Refractory asthma: Bronchoscopy may guide effective therapy (CHEST)
(Comments by first author James T. Good follow this post.)
For 58 patients with refractory asthma at National Jewish, James Good et al devised a systematic, bronchoscopy-driven approach that they feel resulted in improved asthma symptoms and identification of potential phenotypes of refractory asthma among the enrolled subjects. Their methodology was highly detailed and time- and labor-intensive. It included using the supraglottic index (a grading system described in the ENT literature) and eosphageal pH probes to quantify GERD; airway survey to quantify the "bronchitis index"; BAL and/or brushings with PCR and culture to identify subacute bacterial infection; and endobronchial biopsies. After their workup:
22 patients were deemed the "GERD phenotype."
13 patients were the "subacute bacterial infection phenotype."

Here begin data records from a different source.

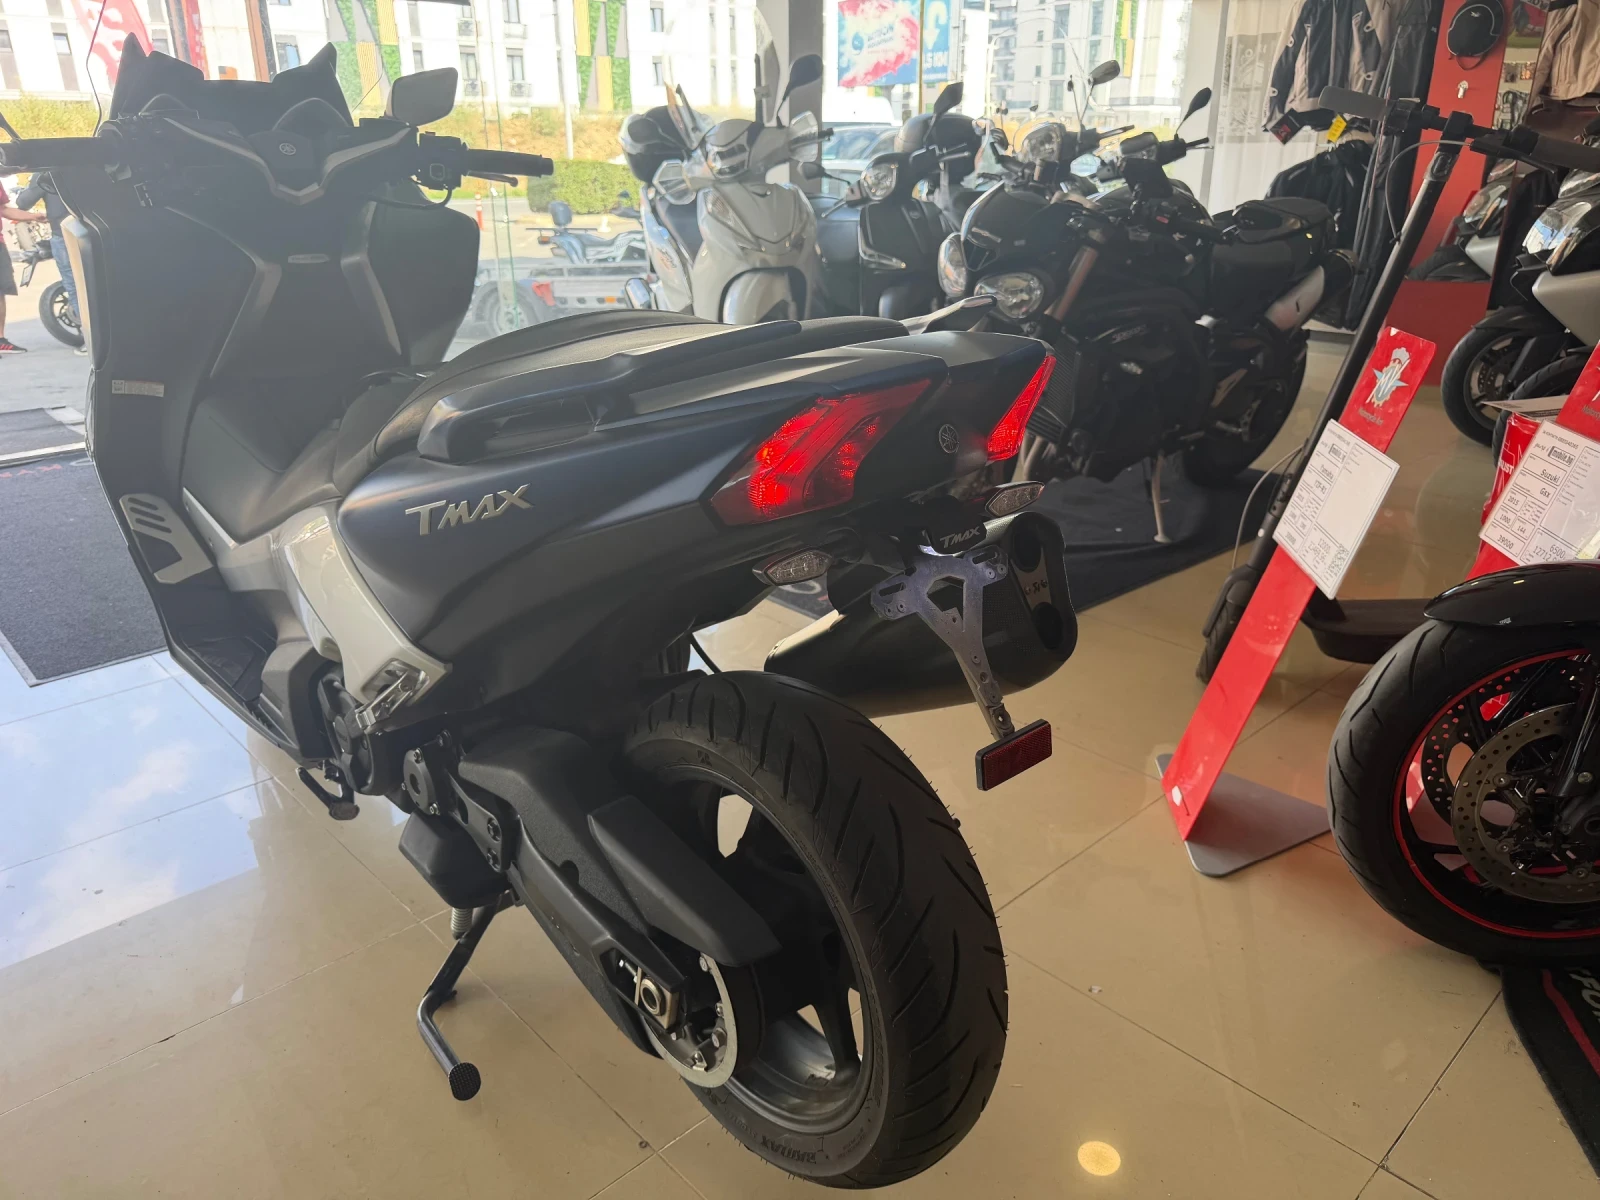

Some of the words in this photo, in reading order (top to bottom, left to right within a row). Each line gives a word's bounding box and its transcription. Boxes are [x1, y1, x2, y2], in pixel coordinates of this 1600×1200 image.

[1541, 468, 1561, 484] Suzuki
[1507, 495, 1520, 506] 2015
[1540, 487, 1551, 499] Gsx
[405, 483, 535, 536] TMAX
[1499, 513, 1511, 525] 1000
[940, 526, 980, 549] TMAX
[1517, 525, 1527, 535] 144
[1497, 534, 1514, 550] 39000
[761, 1133, 817, 1165] BATTLAX

4 were "tissue eosinophilia phenotype"
13 were a combination.
They then "targeted treatment" for 12-60 weeks with proton pump inhibitors, Nissen fundoplication in 7, Xolair for tissue eosinophilia, and/or antimicrobials according to culture/PCR results. (In addition to high-dose ICS, Singulair, etc.) They describe remarkable statistically significant improvements after all this in most/all groups: 7 points in the Asthma Control Test and 15% predicted FEV1, overall. Authors did not report other important outcomes data like exacerbations, ED visits or prednisone use. As there was no control group, it's hard to rule out a placebo or "tincture of time" secular effect, due to the patients' personal investment, and all the personal attention from national experts. It would be hard to implement this widely, but if the findings were replicated and harder outcomes were also shown to be improved, it would be a persuasive argument for funding specialized refractory asthma centers with standardized treatment protocols. A specific concern with their GERD findings is that in the absence of GERD symptoms like heartburn, treating asymptomatic GERD (identified using pH probes, as was done here) has not been shown to improve asthma in randomized trials. The NHLBI has an ongoing severe asthma project that seeks to identify phenotypes of refractory asthma and standardize research on human subjects across the U.S.; U. of Colorado is one of the centers. Good JT et al. Refractory Asthma: Importance of Bronchoscopy to Identify Phenotypes and Direct Therapy. CHEST 2012;141:575-576.